If you head these processes or play a role in decisions or adjudication, you will know that early intervention matters. And so does robust and swift action when bullying is entrenched.

Best practice from my perspective looks like this:

· Visible enforcement of existing policies. Most institutions have perfectly adequate dignity at work frameworks. The problem is often selective application.   I have seen high performers, fee-generating academics and powerful/popular staff protected while policies gather dust.  And properly, fully, risk assess.  Yes, that can include reputational impacts but that is a small part of a bigger risk assessment.  (Culture Shift have some excellent models for this.  I’m not on commission!)

· Stop the “managed move.” Shuffling a known bully into a different department or faculty is never the right move – just exports the problem. It signals that behaviour has no real consequences and leaves a trail of damaged people behind.  And people quietly observe those signals and act accordingly.

· Take informal and anonymous complaints seriously. By the time someone raises a formal grievance, they’ve usually exhausted every other option. If multiple informal and/or anonymous concerns have been raised about the same person, that’s a pattern requiring investigation.

· Hold senior staff to the same standard. Bullying often flows downward. If a Pro-Vice-Chancellor or Director behaves this way, others may follow their lead.   The institution’s credibility depends on early, visible and proportionate action.

· Exit persistent bullies through due process, not pay-offs. This is the hardest step and the one institutions most often avoid. But some people will not change, and keeping them simply signals that behaviour is tolerated. The cost of inaction – in staff motivation, turnover, sickness, reputation, tribunal risk – almost always exceeds the cost of a managed exit.

What Gets in the Way?

Let’s be frank about the power dynamics at play.

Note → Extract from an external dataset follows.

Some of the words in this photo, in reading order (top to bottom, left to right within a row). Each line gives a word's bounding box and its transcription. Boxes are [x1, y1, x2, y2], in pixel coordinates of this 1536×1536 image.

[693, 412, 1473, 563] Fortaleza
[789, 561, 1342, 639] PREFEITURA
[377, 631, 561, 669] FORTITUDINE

Some bullies are protected because they bring in money. Research income, student recruitment, and commercial partnerships – these carry weight. An academic who generates millions in grants may be quietly deemed ‘too valuable to lose,’ regardless of how many staff they’ve driven out or damaged.

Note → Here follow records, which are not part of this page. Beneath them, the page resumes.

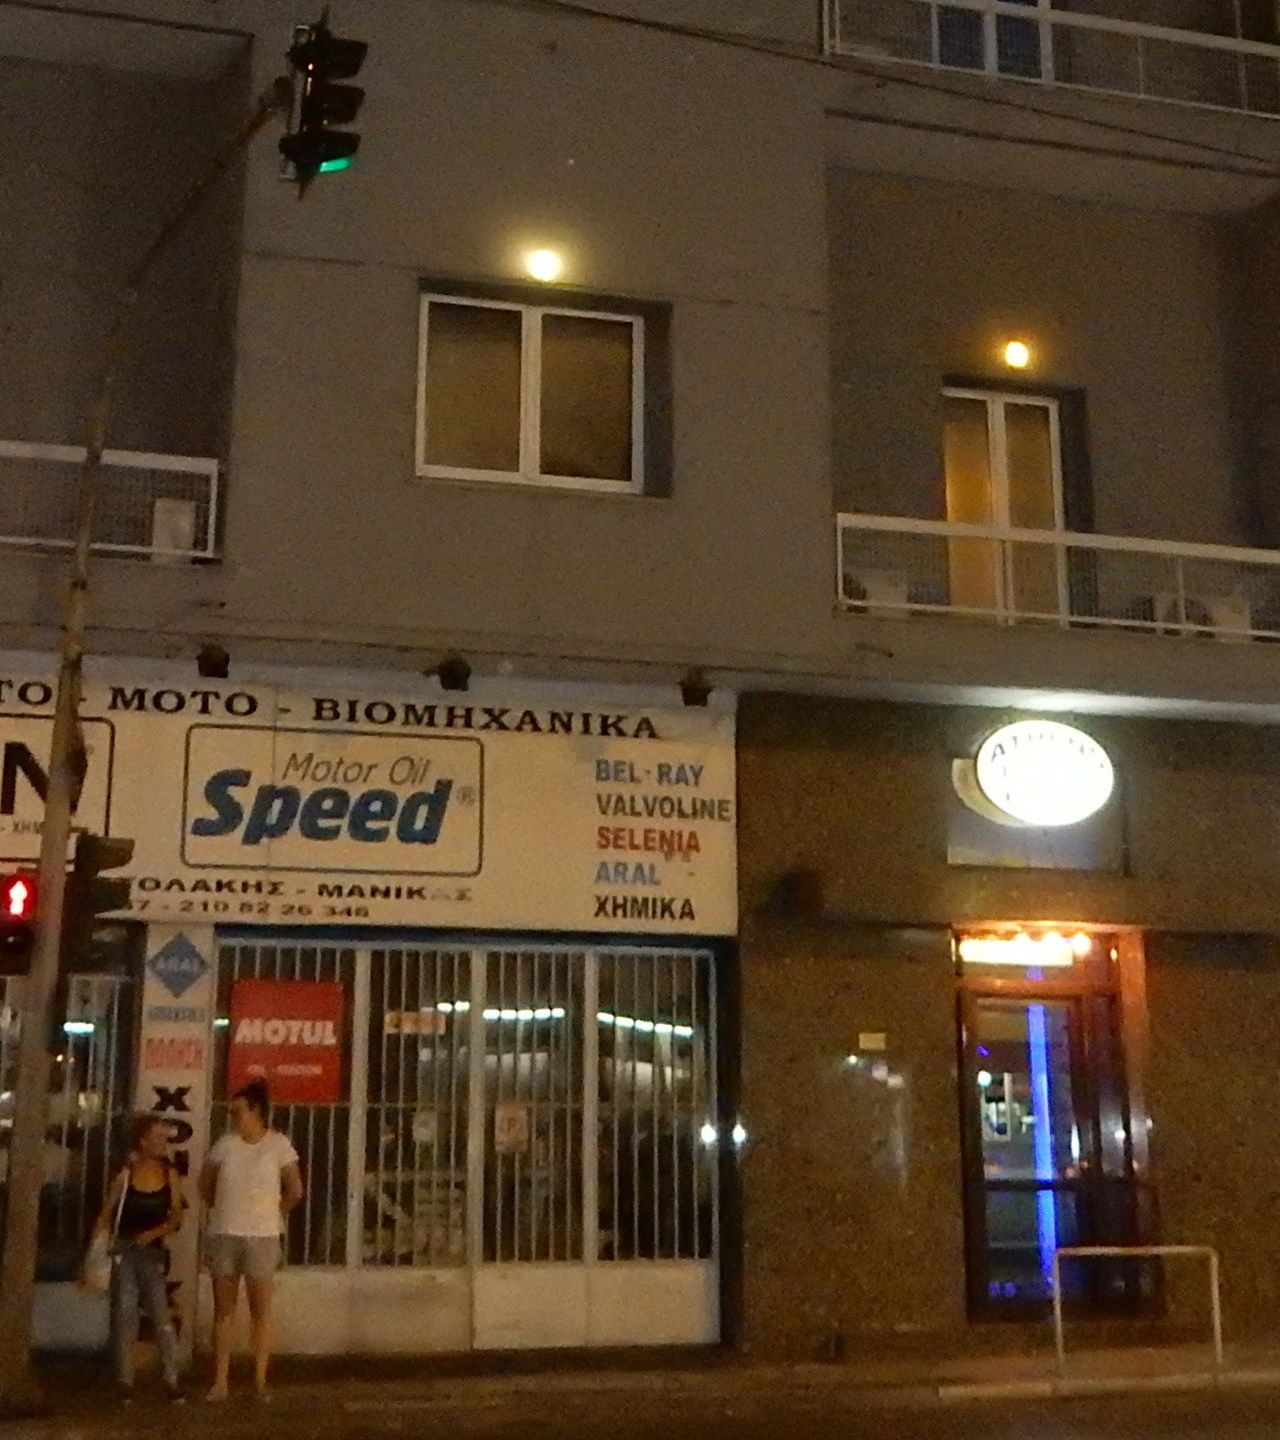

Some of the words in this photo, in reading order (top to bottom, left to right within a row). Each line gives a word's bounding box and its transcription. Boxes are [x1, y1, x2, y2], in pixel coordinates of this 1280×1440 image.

[107, 686, 259, 718] MOTO
[312, 697, 660, 740] ΒΙΟΜΗΧΑΝΙΚΑ
[282, 752, 375, 784] Motor
[388, 755, 431, 787] Oil
[191, 767, 454, 845] Speed
[595, 792, 732, 823] VALVOLINE
[596, 826, 701, 854] SELENIA
[595, 861, 662, 887] ARAL
[594, 895, 696, 921] ΧΗΜΙΚΑ
[234, 1017, 337, 1046] MOTUL

Some are protected because they hold political capital. They sit on the right committees, have the ear of the Vice-Chancellor, or know where institutional bodies are buried. Challenging them risks destabilising delicate power structures.

Some are protected because confronting them is simply too difficult. Employment law feels risky, the process feels endless, and the evidence can seem flimsy. The bully is articulate, well-connected, and will fight back hard. It’s easier to wait for retirement or hope the problem moves on.  Spoiler alert – it won’t.

And some institutions choose reputation management over genuine action. The priority becomes containing the story rather than addressing the behaviour. Confidentiality becomes a shield – not for the complainant, but for the institution.

The result? Staff learn that raising concerns is futile. They leave, or they stay silent. The bully remains. And the cycle continues.

The hard truth

Sometimes, despite everything, the bully wins. HR processes re-traumatise rather than resolve. Institutions close ranks. And the person who spoke up finds themselves managed out while the bully collects their long-service award.

That’s a systemic failure, not a personal one. And naming it matters, because pretending otherwise leaves people blaming themselves for problems they didn’t create and can’t solve alone.

But there are glimmers

I’ve seen many universities – and individual leaders within them – interrupt these patterns and get on the front foot with bullying behaviours. Sometimes through early intervention: naming behaviour before it calcifies, paying attention to who’s being silenced, protecting space to think.  Creating a culture of psychological safety can systemically root out bad behaviours.

I’ve seen institutions finally act on long-standing complaints when new leadership arrived with fresh eyes and clear heads. I’ve seen governing bodies ask the difficult questions and not let them drop. I’ve seen courageous HR professionals push back against pressure to make problems disappear quietly.

It takes courage on all parts – quiet, sustained courage. The courage to notice what’s happening, to intervene when it’s uncomfortable, and to resist the slow normalisation of behaviour that diminishes people and, ultimately, institutional capacity.  And the courage to place their own interests at risk in service of justice and fairness.  I’ve seen this at play, and my admiration for those people is boundless.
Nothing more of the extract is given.